There are no drivers loaded at boot. So it must be a different issue. Hybrid graphic systems are a pain. Could simply be bad hardware.

You’re wrong on the first sentence: with KMS (kernel mode setting) enabled by default, drivers do actually get loaded at boot. Disabling KMS (nomodeset) solves the tearing problem, but makes the i915 driver unable to provide acceleration and you’re booted to a framebuffer device with no 3D acceleration. You’re right on the second, this is a pain. And wrong again in the last one: the same hardware works flawlessly under Windows 8

Not any full driver KMS is not run at grub screen only after. At grub not even the kernel is loaded. But maybe you meant some where else??? Grub is the very first thing that runs upon booting the system. Is that screen showing tearing??

Ah, yes. I don’t consider grub to be part of booting.

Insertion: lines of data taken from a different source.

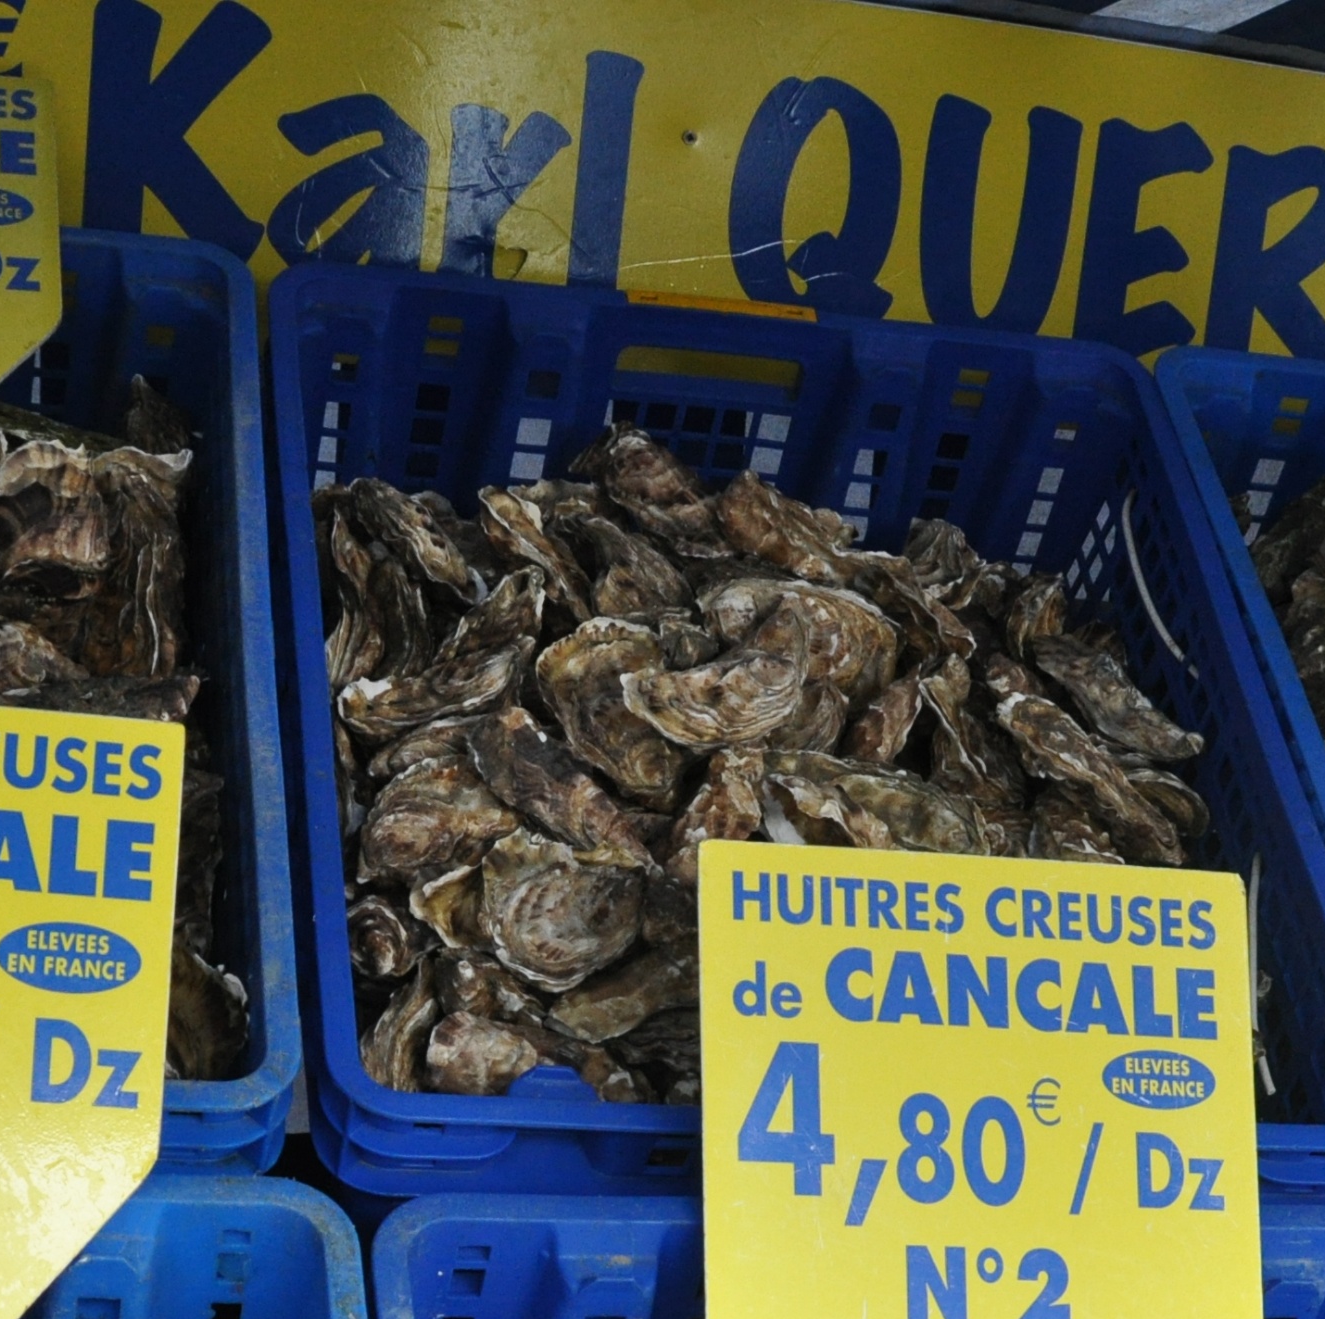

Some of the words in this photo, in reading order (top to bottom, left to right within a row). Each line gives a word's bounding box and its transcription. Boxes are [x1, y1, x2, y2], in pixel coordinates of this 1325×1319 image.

[82, 0, 644, 290] Karl
[732, 870, 965, 934] HUITRES
[984, 887, 1216, 950] CREUSES
[26, 929, 110, 955] ELEVEES
[7, 953, 37, 974] EN
[43, 956, 126, 982] FRANCE
[732, 961, 802, 1019] de
[825, 947, 1218, 1040] CANCALE
[1124, 1057, 1190, 1077] ELEVEES
[1111, 1077, 1136, 1095] EN
[1140, 1079, 1204, 1099] FRANCE

No, tearing does not appear in the grub screen. Tearing begins to happen during the kernel start sequence, but well before any graphics are shown. Booting with nosplash makes the tearing start during the initial boot messages just after selecting the entry in grub. Unfortunately, it boots so quickly that I’m unable to tell when exactly is starting because the text messages scroll very quicky, but I assume that it is either loading the radeon or i915 modules that trigger it.

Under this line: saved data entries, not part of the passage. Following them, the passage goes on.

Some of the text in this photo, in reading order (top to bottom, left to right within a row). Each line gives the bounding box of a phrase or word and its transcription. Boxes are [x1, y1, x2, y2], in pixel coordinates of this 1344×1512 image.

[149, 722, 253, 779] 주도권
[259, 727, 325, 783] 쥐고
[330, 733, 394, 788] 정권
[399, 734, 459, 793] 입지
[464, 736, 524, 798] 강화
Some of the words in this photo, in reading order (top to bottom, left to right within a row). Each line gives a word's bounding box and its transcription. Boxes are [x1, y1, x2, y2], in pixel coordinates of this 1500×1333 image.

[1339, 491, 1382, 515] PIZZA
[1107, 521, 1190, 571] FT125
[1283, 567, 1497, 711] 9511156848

Just finished recompiling a kernel without the radeon module and the problem persists. Clearly it’s not radeon’s driver fault, but something with the i915 driver.

I also tested with a couple of live distros: both Mint and OpenSUSEGnome live have the exact same problem, which indicates a problem with the driver in general and not some custom distro specific customization.

Yup. Confirmed. I cloned the latest drm-intel nightly (4.1.0-rc8-21-desktop-test+), compiled and installed it and the problem goes away, even with the radeon driver also loaded.

However, some other parts in that kernel (notably WiFi) being a release canidate nightly don’t work as they should. What are my options here? Is there a backport of the drm-intel changes that can be installed in 12.3? Ideally, I’d like to avoid recompiling kernels myself.

There will not be any back ports to 12.3 it is out of support since January. :open_mouth:

Ooops… Sloppy fingers. I’m using 13.2. I’ve created a bug report here https://bugzilla.opensuse.org/show_bug.cgi?id=935527

A short update: OpenSUSE has kindly asked questions and posted suggestions on my Bugzilla entry that seem to point that 13.2’s i915 driver does not work correctly on this machine. Definitely, the mode driver is messing up the display in mode changes. The last experiment I made was to boot with 13.2 stock kernel adding i915.fastboot=1 to the boot command line. And faster it booted, and also by skipping the mode change it avoided the tearing and flickering.

However, the X mouse cursor was solid black, no matter which theme I selected in KDE control centre. But then, forcing a mode change by switching to a text console with CTR+ALT+F1 made the tearing and flicker appear again, both in text and graphics mode. But this time the cursor appeared correctly.

Another update for those that may run into the same issue: following the suggestions in the bug I opened, I tried installing a 4.0 kernel-desktop from OBS. Rock solid black background, not a hint of fickering or tearing, with smooth desktop effects and, very important, not a shadow of lack of compatibility or problem with the rest of the system, from which I’m writing this.

Have to say that OpenSUSE support has performed well above my experience with most other open source projects in this case. Hats off to the team for a polished product that is well taken care of.